The non-governmental organisation has made special arrangement for the Sloth bears, Asiatic black bears and the Himalayan brown bears at the rescue centres in Agra, Bhopal and Jammu and Kashmir regions of India.
“As part of the winter care management plans, the NGO adopts various measures to keep the bears warm and comfortable,” the Wildlife SOS said in a release.
The organisation has arranged a special diet that includes porridge, jaggery and puffed rice balls for the Sloth bears in its Agra – the world’s largest Sloth bear rescue facility – and Bhopal rescue centres.
“At the Agra Bear Rescue Facility and the Van Vihar Bear Rescue Facility in Bhopal, the Sloth bears enjoy a special winter diet consisting of warm porridge, broth, puffed rice balls and jaggery (molasses) to help boost immunity and induce body heat,” said the release. “These bears share a history of victimisation to the cruel ‘dancing’ bear trade and had arrived in pitiable conditions at the NGO’s centres which are run in collaboration with the state forest department”.

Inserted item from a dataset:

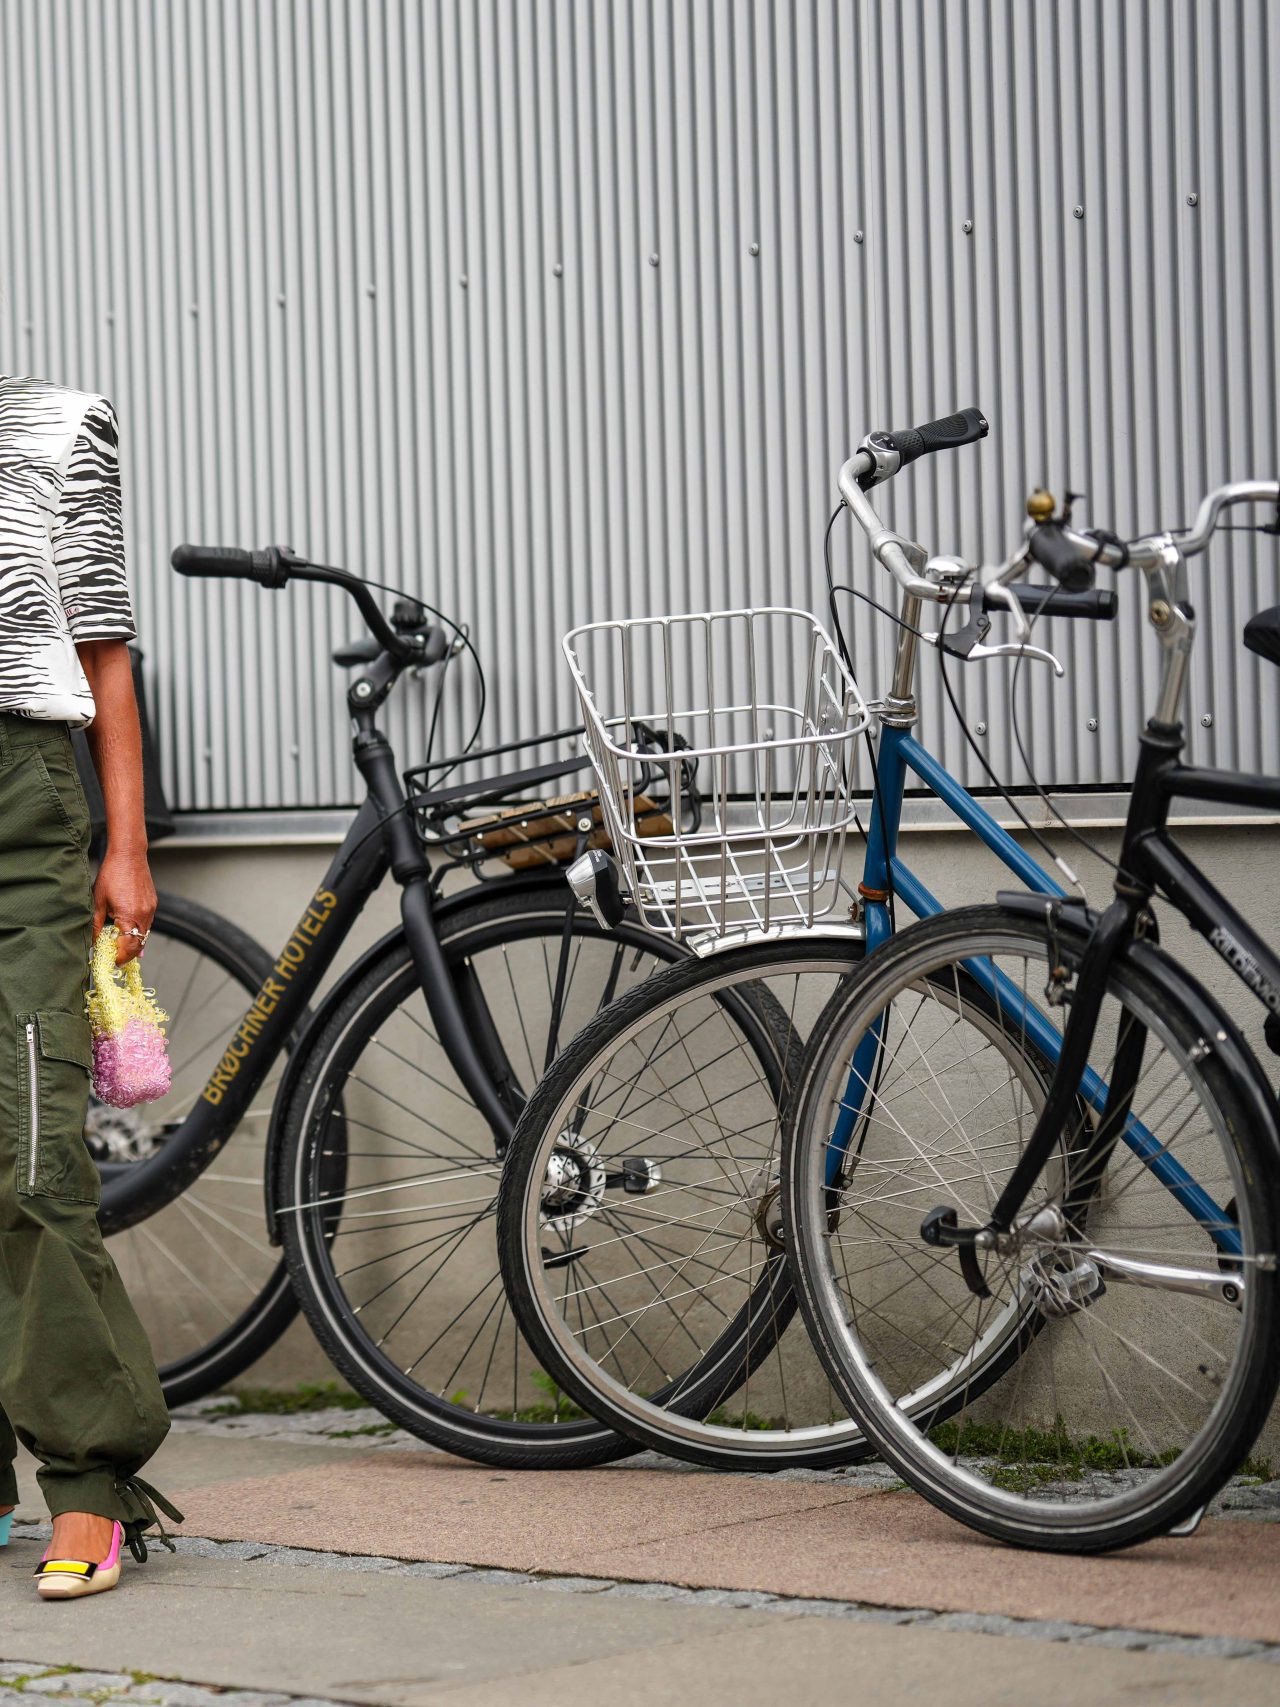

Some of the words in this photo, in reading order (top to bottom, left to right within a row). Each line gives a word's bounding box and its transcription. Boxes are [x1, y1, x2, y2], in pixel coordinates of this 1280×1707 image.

[202, 977, 286, 1105] BRØCHNER
[274, 887, 338, 981] HOTELS
[1209, 928, 1280, 1014] KILDEMO

With intense cold gripping North India and the temperatures plummeting several notches below the zero in Kashmir, the bears are provided with special care.
“Special care is taken for geriatric (aged) bears under our care—their enclosures are covered with tarpaulin sheets to shield them from the cold, there is warm bedding material with woollen blankets and dry grass or hay, and halogen lamps and heaters are installed outside the sleeping dens,” says the official release.

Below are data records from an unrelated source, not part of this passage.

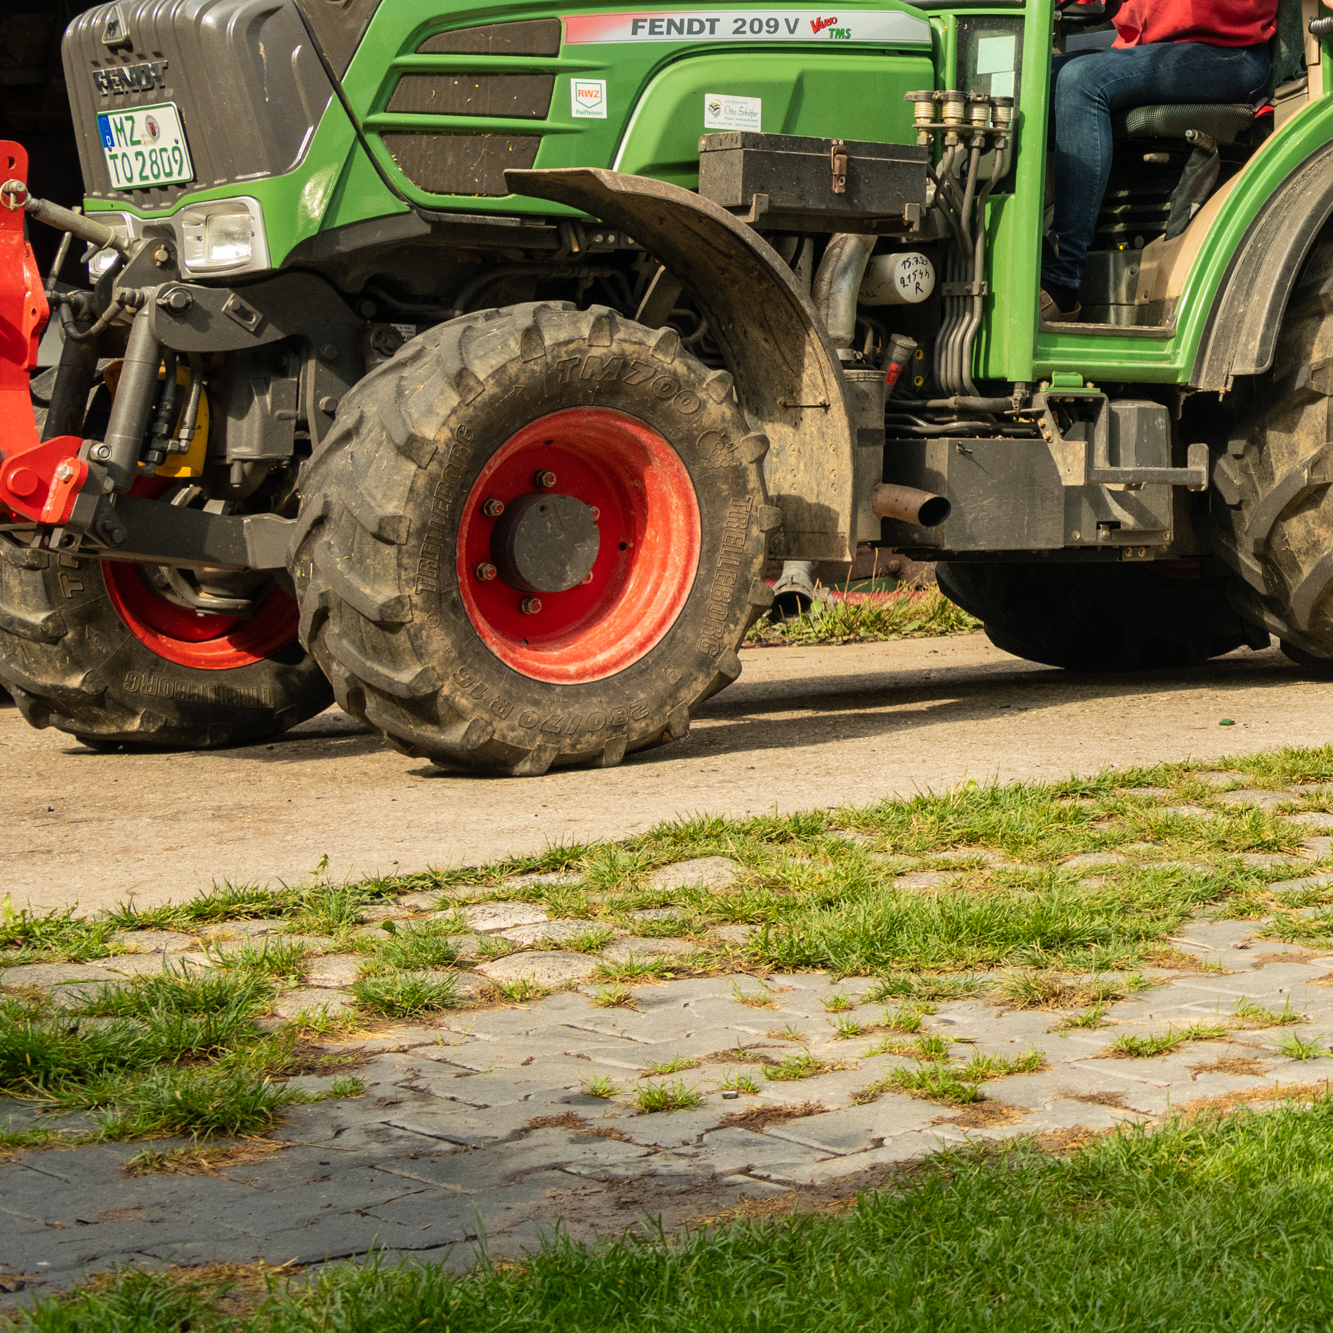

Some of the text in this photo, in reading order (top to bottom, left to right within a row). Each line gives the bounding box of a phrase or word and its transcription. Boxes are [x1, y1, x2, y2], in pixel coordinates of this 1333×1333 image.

[631, 18, 721, 36] FENDT
[732, 17, 780, 35] 209
[828, 28, 852, 40] TMS
[92, 60, 169, 97] FENDT
[577, 89, 600, 99] RWZ
[575, 108, 603, 116] Raiffeisen
[112, 115, 142, 147] MZ
[135, 146, 184, 182] 2809
[915, 281, 924, 295] R
[554, 353, 702, 417] TM700
[414, 422, 474, 596] TRELLEBORG
[699, 494, 755, 657] TRELLEBORG
[123, 671, 275, 709] TRELLEBORG
[489, 696, 514, 720] R
[517, 699, 651, 737] 280/70

“Understanding that winter care calls for special attention to be given to the bears’ immunity, the veterinary team has introduced feed additives such as liver tonics, vitamin and mineral supplements along with protein. It is of utmost priority that their health is not compromised and all of us get to witness more of the bears as they play around in their favourite season,” the release quoted Baiju Raj M.V, Director Conservation Projects Wildlife SOS as saying.
The non-profit is running two bear rescue facilities in Kashmir – at Dachigam and Pahalgam.
“Dietary modifications are not the only changes seen in the bears’ management and it is supplemented by measures to keep them shielded externally,” says Aaliya Mir, Education Officer and Programme Head- Jammu & Kashmir, Wildlife SOS. “The increase their movement, we occasionally hide the apples in the bears’ enclosures which makes their time more playful. When it comes to keeping them warm physically, the staff use plenty of hay and dry grass.”